Dear Helmut,
I meant to respond to your post earlier but I was myself tied up with the drafting of our own forthcoming report about Africa and its Emerging Partners, prepared for the 2011 edition of the African Economic Outlook. The report is under embargo until its official launch on June 6 in Lisbon at the occasion of the annual meetings of the African Development Bank, so I won’t comment on it. However, I can allow myself to share a few personal opinions.
I very much support the major points you make, especially that it’s not ‘rogue’. The following is thus a matter of nuances. You are quite right to points that out emerging partners, China but also typically all other emerging countries engaging African countries, do tend to take a more holistic approach to promoting the export-oriented industries and cooperating with fellow southern countries. Consequently, and even more so since they tend to use different funding modalities, it is difficult to identify and even more so quantify how ‘aid’ these emerging countries provide, say, to African countries.
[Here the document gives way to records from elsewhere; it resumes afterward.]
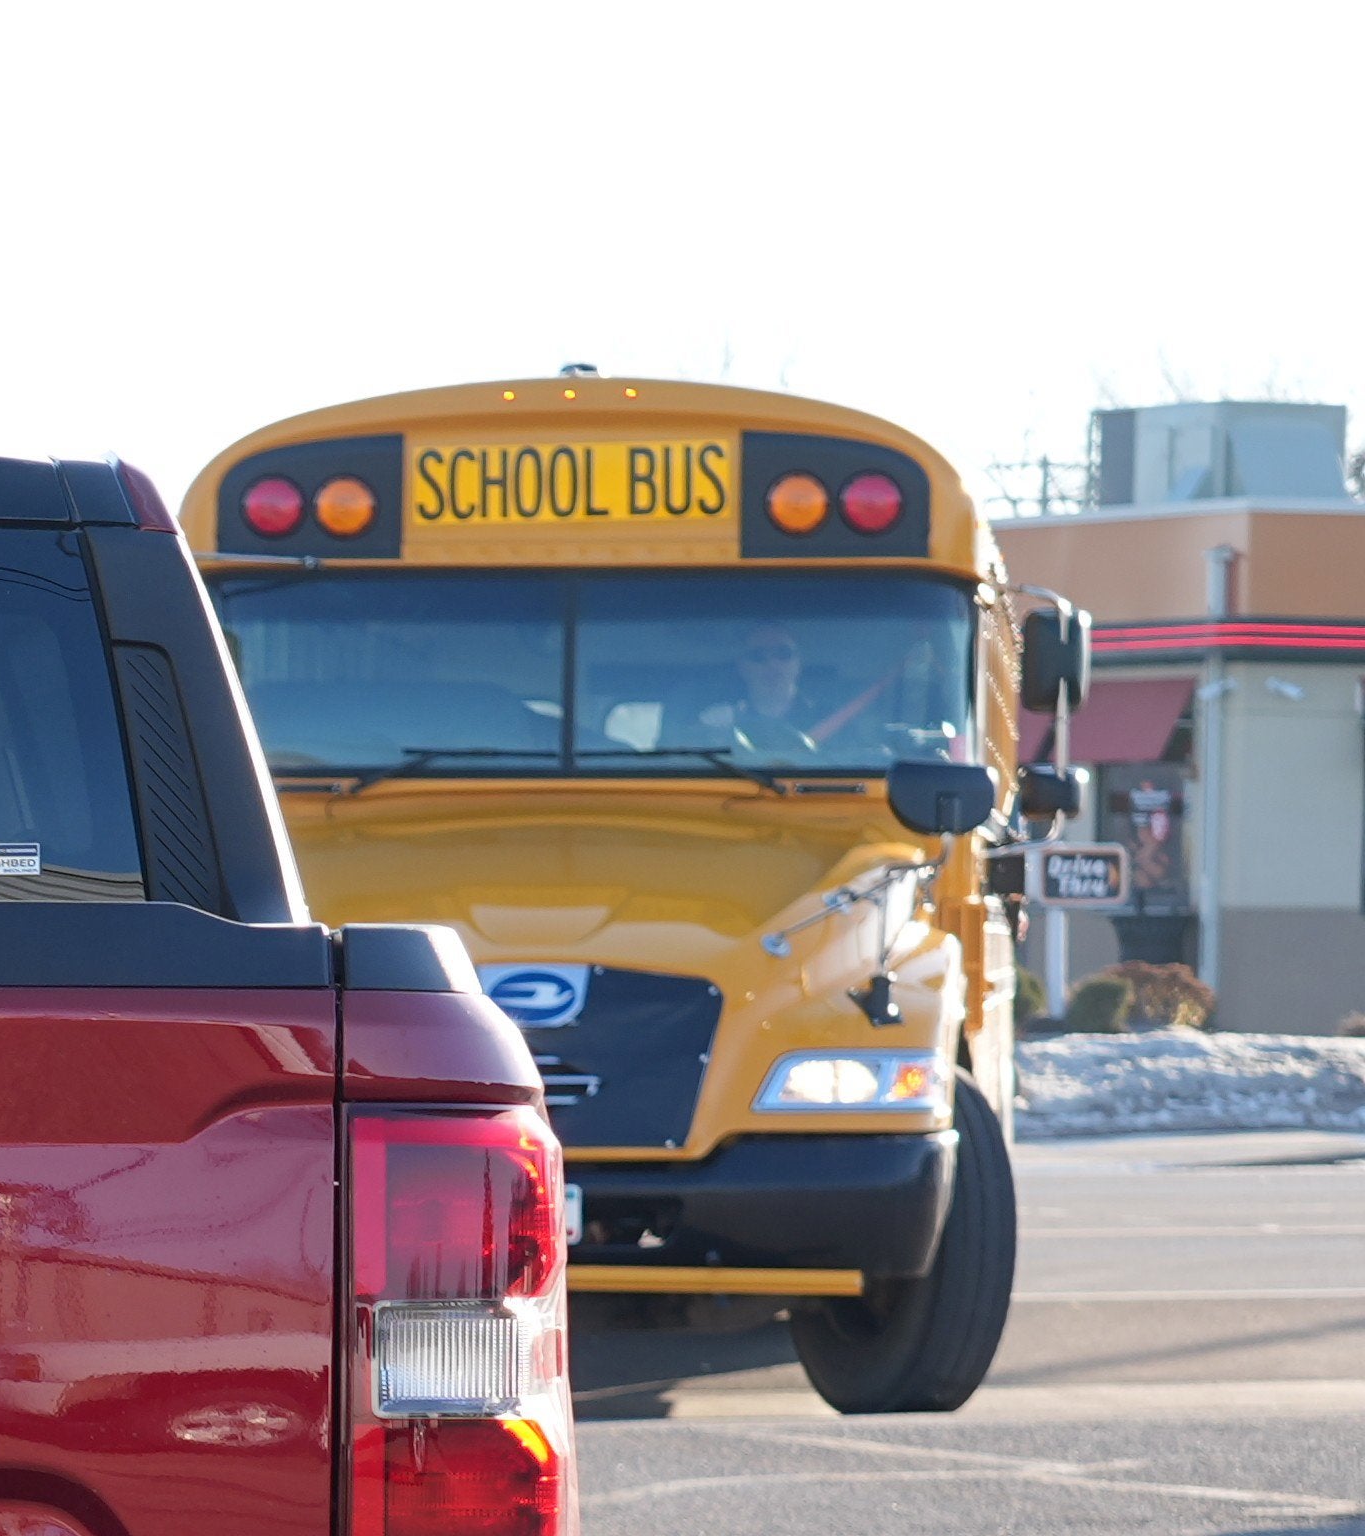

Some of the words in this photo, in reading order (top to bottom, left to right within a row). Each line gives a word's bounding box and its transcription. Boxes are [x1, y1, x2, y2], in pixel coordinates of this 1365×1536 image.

[417, 445, 609, 520] SCHOOL
[629, 444, 725, 515] BUS
[1048, 854, 1107, 878] Drive
[1057, 873, 1108, 898] Thru
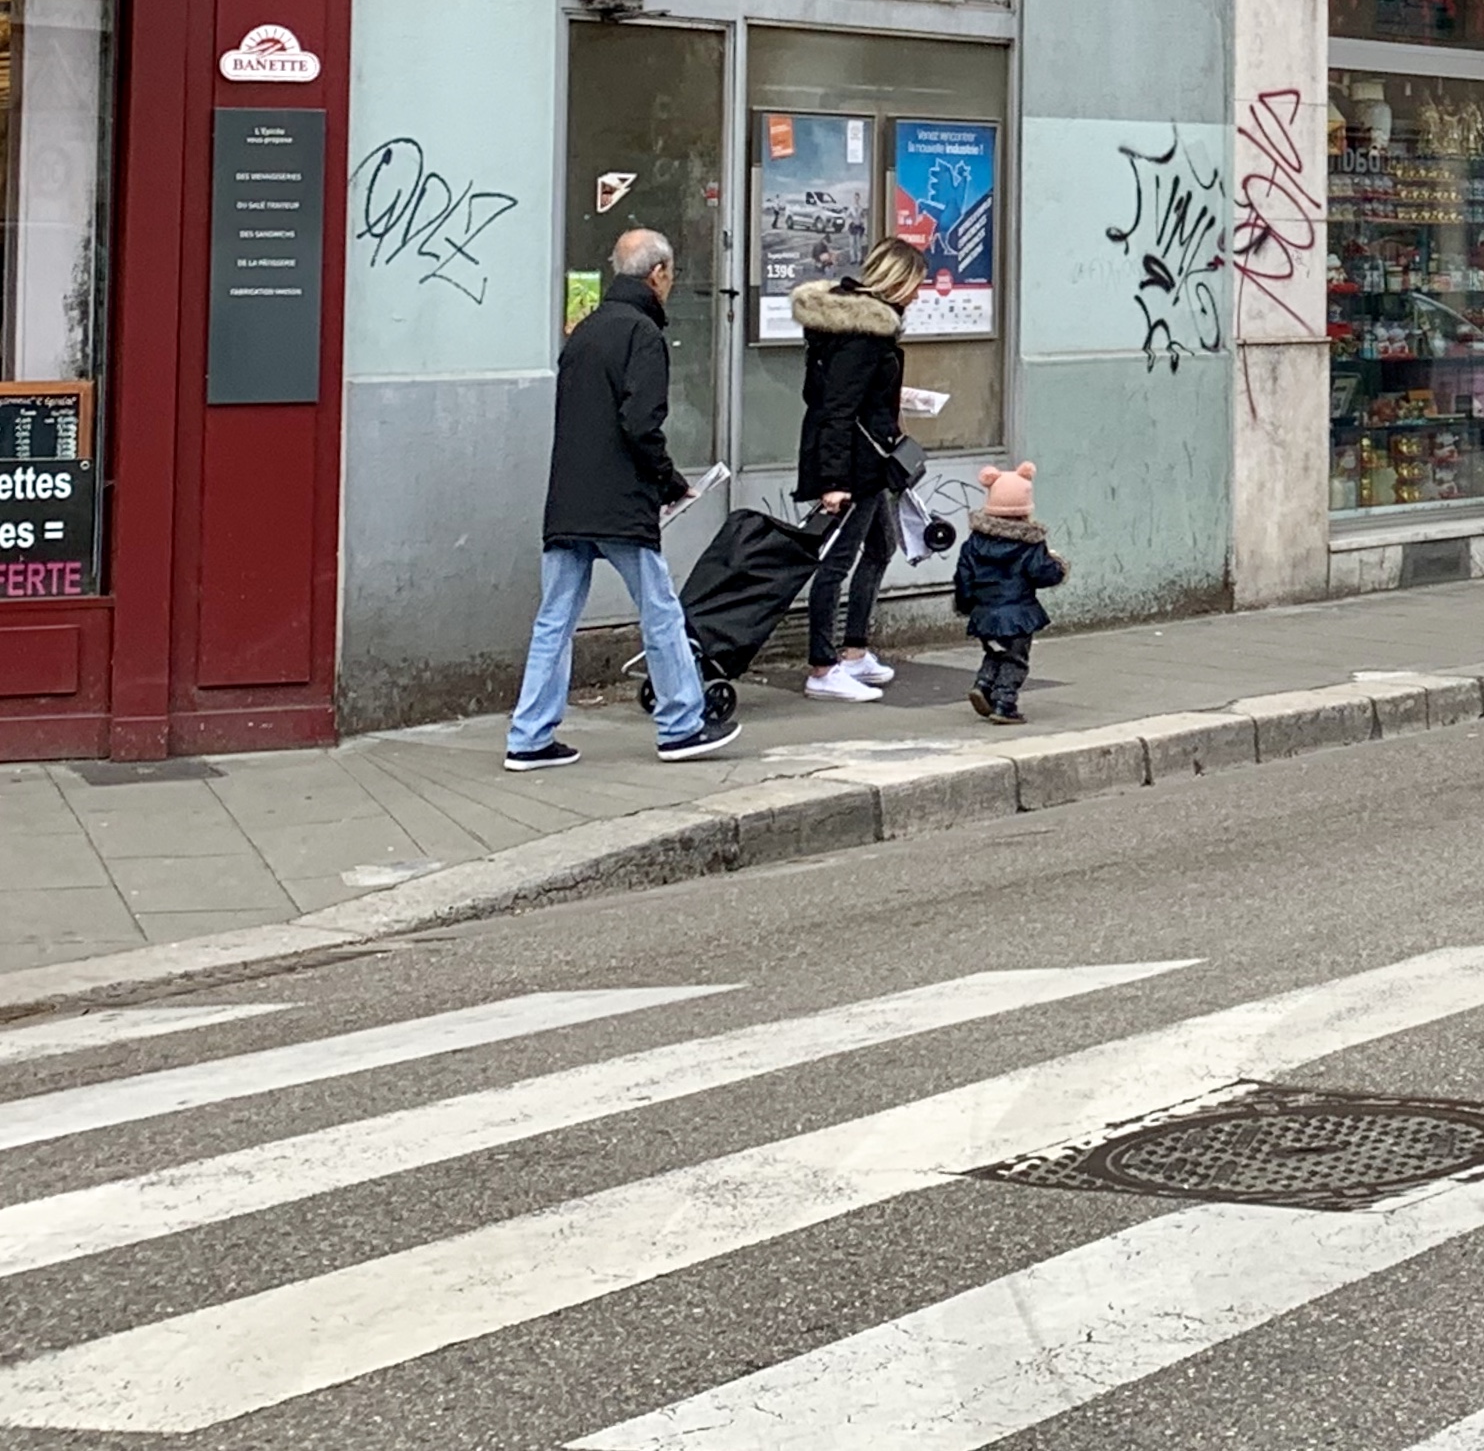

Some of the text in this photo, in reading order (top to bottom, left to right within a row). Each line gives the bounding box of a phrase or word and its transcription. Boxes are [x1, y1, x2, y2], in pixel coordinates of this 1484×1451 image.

[233, 58, 308, 72] BANETTE
[945, 143, 979, 155] industrie
[766, 264, 796, 279] 139€
[0, 466, 72, 500] ettes
But as you also rightly point out, the number of these new ‘donor’ countries has been rising steadily. Interestingly, as they mature, these emerging donors tend to adopt some of the practices of the older donors. For instance, South Africa is considering the establishment of a South Africa Development Partnership Agency (SADPA) during the last quarter of 2011. The key is that as these emerging partners are confronted with similar challenges than those of traditional donors, they will naturally try some of recipes that have helped traditional partners to cope with the same challenges. If you want to monitor and control where your cooperation money goes, whether you want to call it ‘aid’ or not, you will quickly realize that you need an agency that does that…
My point is that it does not matter whether you or I or they want to call it ‘aid’ or not. “L’argent n’a pas d’odeur” as Emperor Vespasian told his son who was shocked to see his dad collecting money on public toilets. Yes, some of the aid money that emerging donors give takes the form of concessional conditions on otherwise commercial lending. But so does, Western aid money too in some cases, and this concessionality component in lending to developing countries for development-related purposes is estimated and counted as aid by the good old DAC itself.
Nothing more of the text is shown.